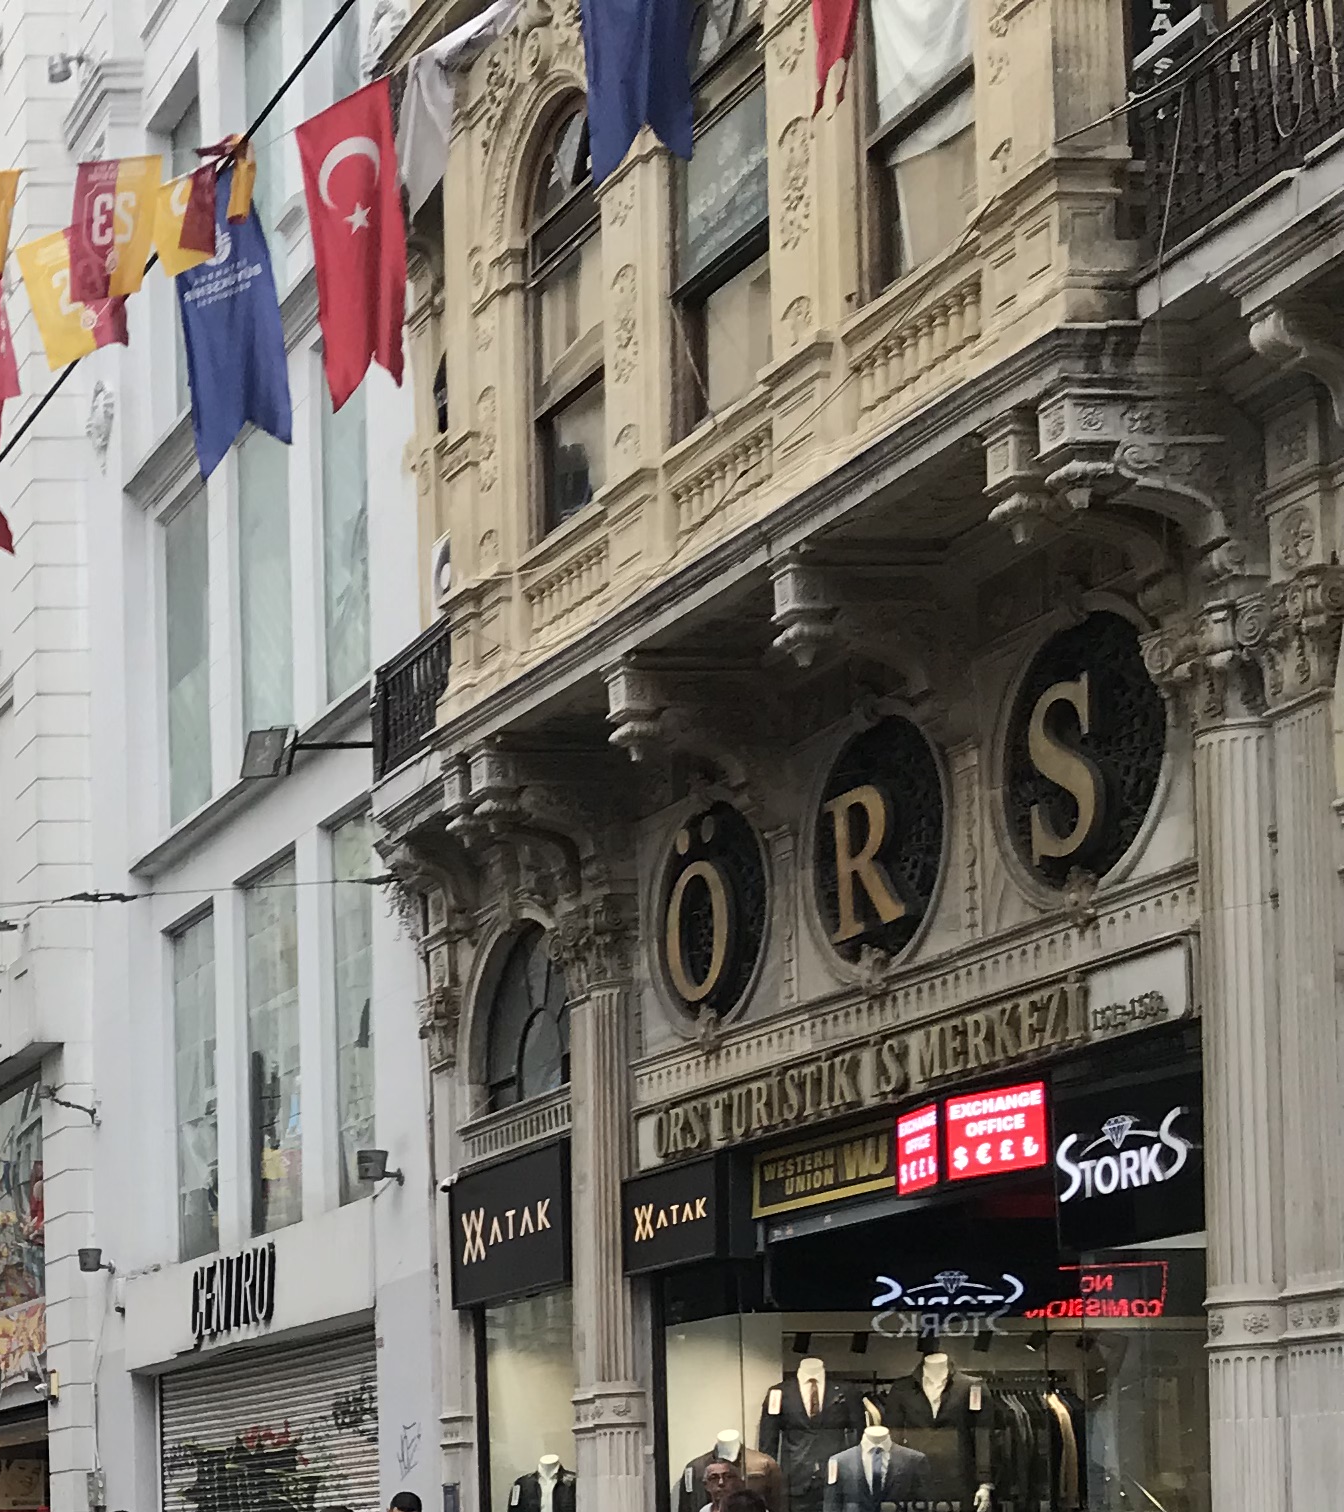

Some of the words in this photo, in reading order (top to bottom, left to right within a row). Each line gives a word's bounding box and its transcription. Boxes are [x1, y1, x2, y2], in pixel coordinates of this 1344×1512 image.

[948, 1088, 1042, 1121] EXCHANGE
[965, 1113, 1026, 1138] OFFICE
[763, 1149, 835, 1182] WESTERN
[1055, 1106, 1188, 1203] STORKS
[784, 1167, 835, 1196] UNION
[192, 1242, 276, 1338] CENTRO
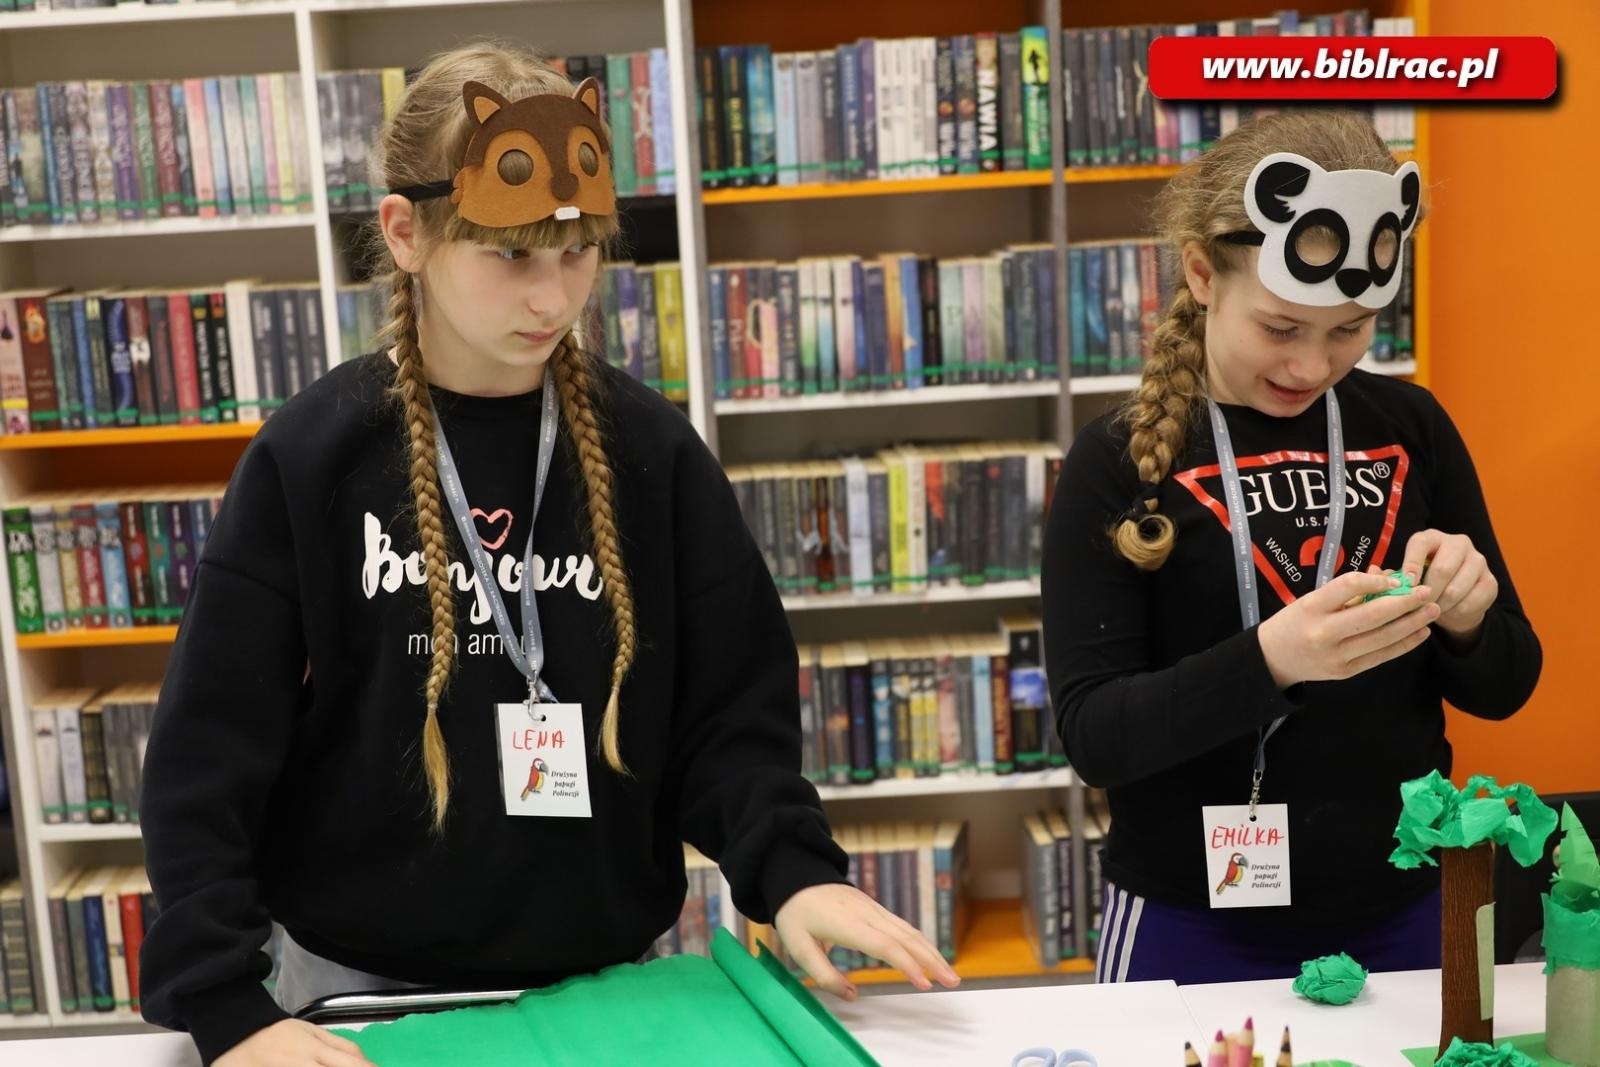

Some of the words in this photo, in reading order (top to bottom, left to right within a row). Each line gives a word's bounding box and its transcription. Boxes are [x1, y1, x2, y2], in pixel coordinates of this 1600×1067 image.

[977, 69, 997, 150] NAWIA
[1265, 537, 1303, 583] WASHED
[512, 728, 566, 750] LENA
[554, 780, 576, 789] papugi
[1254, 872, 1278, 881] papugi
[1251, 881, 1281, 889] Polinezji
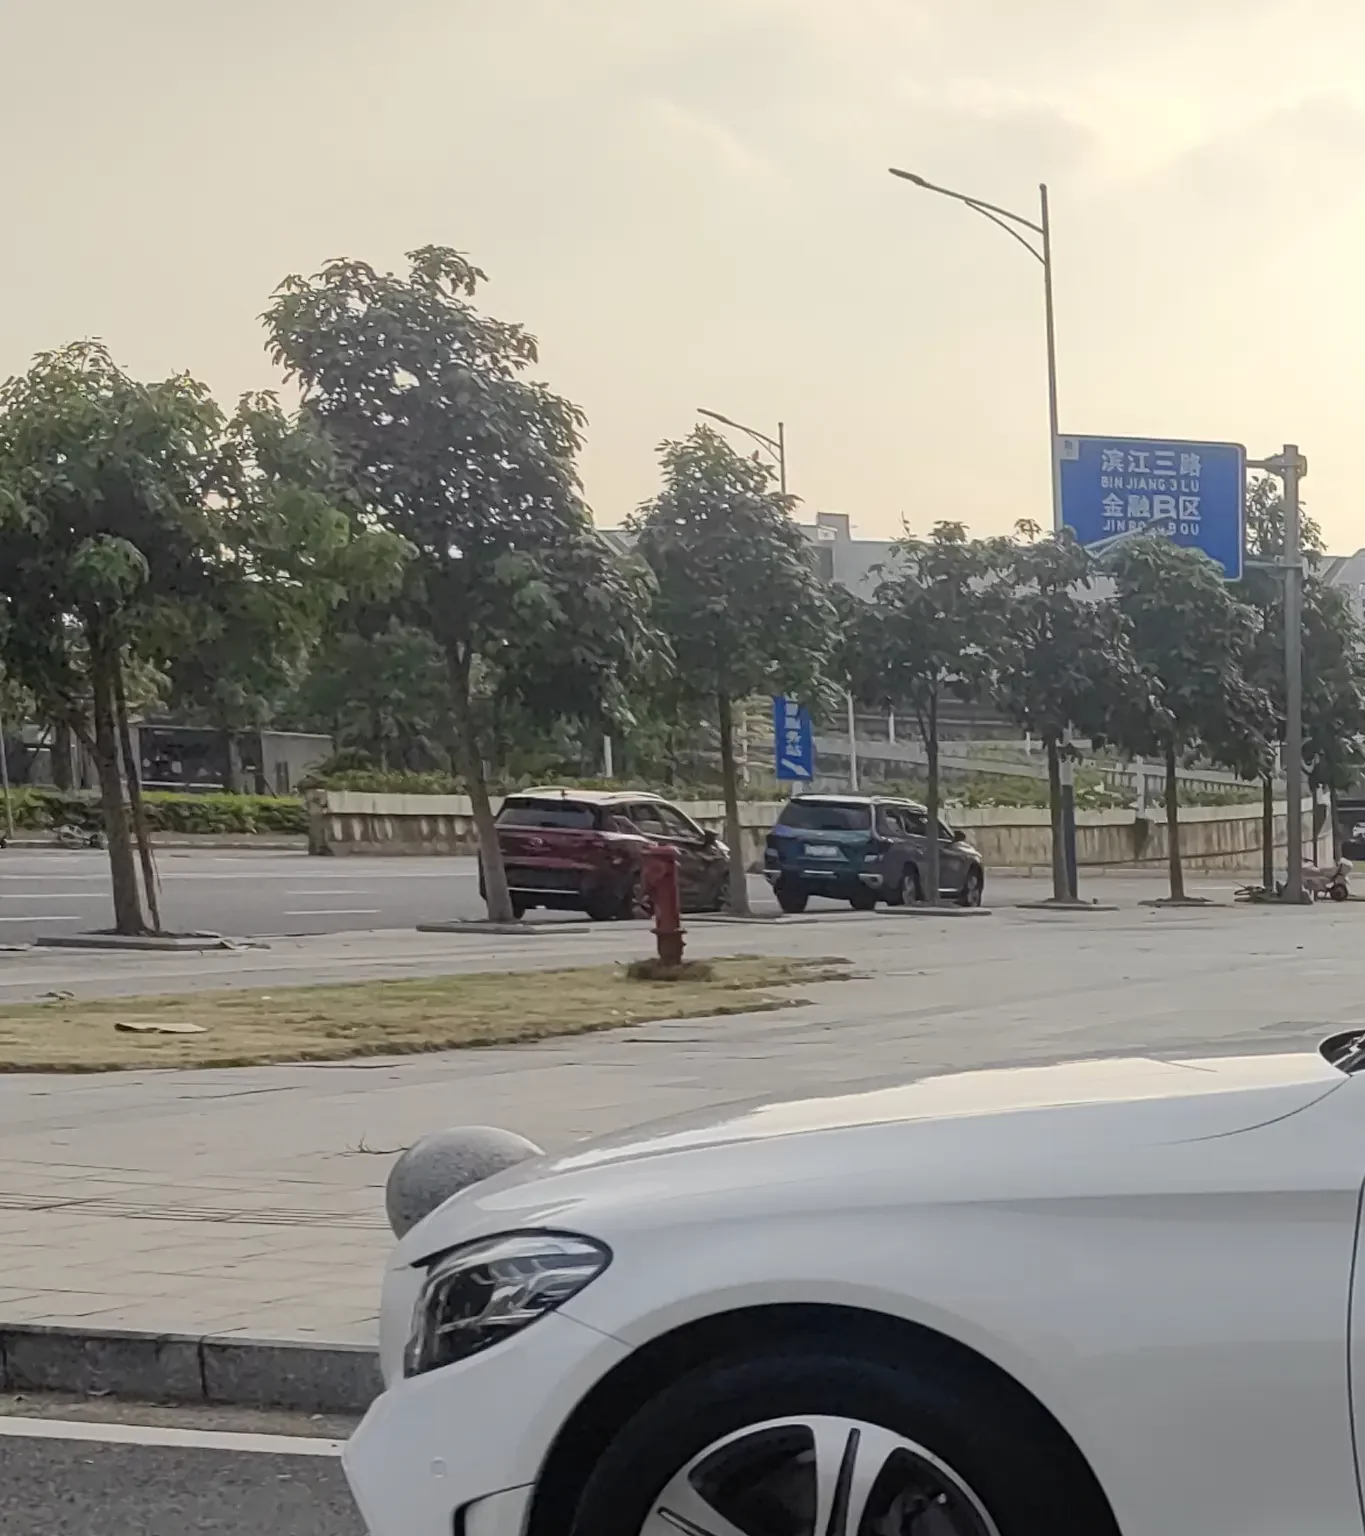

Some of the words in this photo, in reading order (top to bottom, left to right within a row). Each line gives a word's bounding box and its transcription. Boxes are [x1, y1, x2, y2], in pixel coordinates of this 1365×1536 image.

[1101, 448, 1201, 476] 滨江三路
[1101, 476, 1123, 489] BIN
[1126, 477, 1166, 491] JIANG
[1180, 479, 1200, 492] LU
[1101, 492, 1201, 520] 金融B区
[1103, 519, 1125, 532] JIN
[1180, 522, 1200, 536] QU

What needs to be done:
Set out the material once more, exact in every line, with no images.

Answer section:
Some of the words in this photo, in reading order (top to bottom, left to right within a row). Each line gives a word's bounding box and its transcription. Boxes are [x1, y1, x2, y2], in pixel coordinates of this 1344×1512 image.

[948, 1088, 1042, 1121] EXCHANGE
[965, 1113, 1026, 1138] OFFICE
[763, 1149, 835, 1182] WESTERN
[1055, 1106, 1188, 1203] STORKS
[784, 1167, 835, 1196] UNION
[192, 1242, 276, 1338] CENTRO

Some of the words in this photo, in reading order (top to bottom, left to right within a row). Each line gives a word's bounding box and its transcription. Boxes are [x1, y1, x2, y2], in pixel coordinates of this 1600×1067 image.

[977, 69, 997, 150] NAWIA
[1265, 537, 1303, 583] WASHED
[512, 728, 566, 750] LENA
[554, 780, 576, 789] papugi
[1254, 872, 1278, 881] papugi
[1251, 881, 1281, 889] Polinezji

Some of the words in this photo, in reading order (top to bottom, left to right within a row). Each line gives a word's bounding box and its transcription. Boxes are [x1, y1, x2, y2], in pixel coordinates of this 1365×1536 image.

[1101, 448, 1201, 476] 滨江三路
[1101, 476, 1123, 489] BIN
[1126, 477, 1166, 491] JIANG
[1180, 479, 1200, 492] LU
[1101, 492, 1201, 520] 金融B区
[1103, 519, 1125, 532] JIN
[1180, 522, 1200, 536] QU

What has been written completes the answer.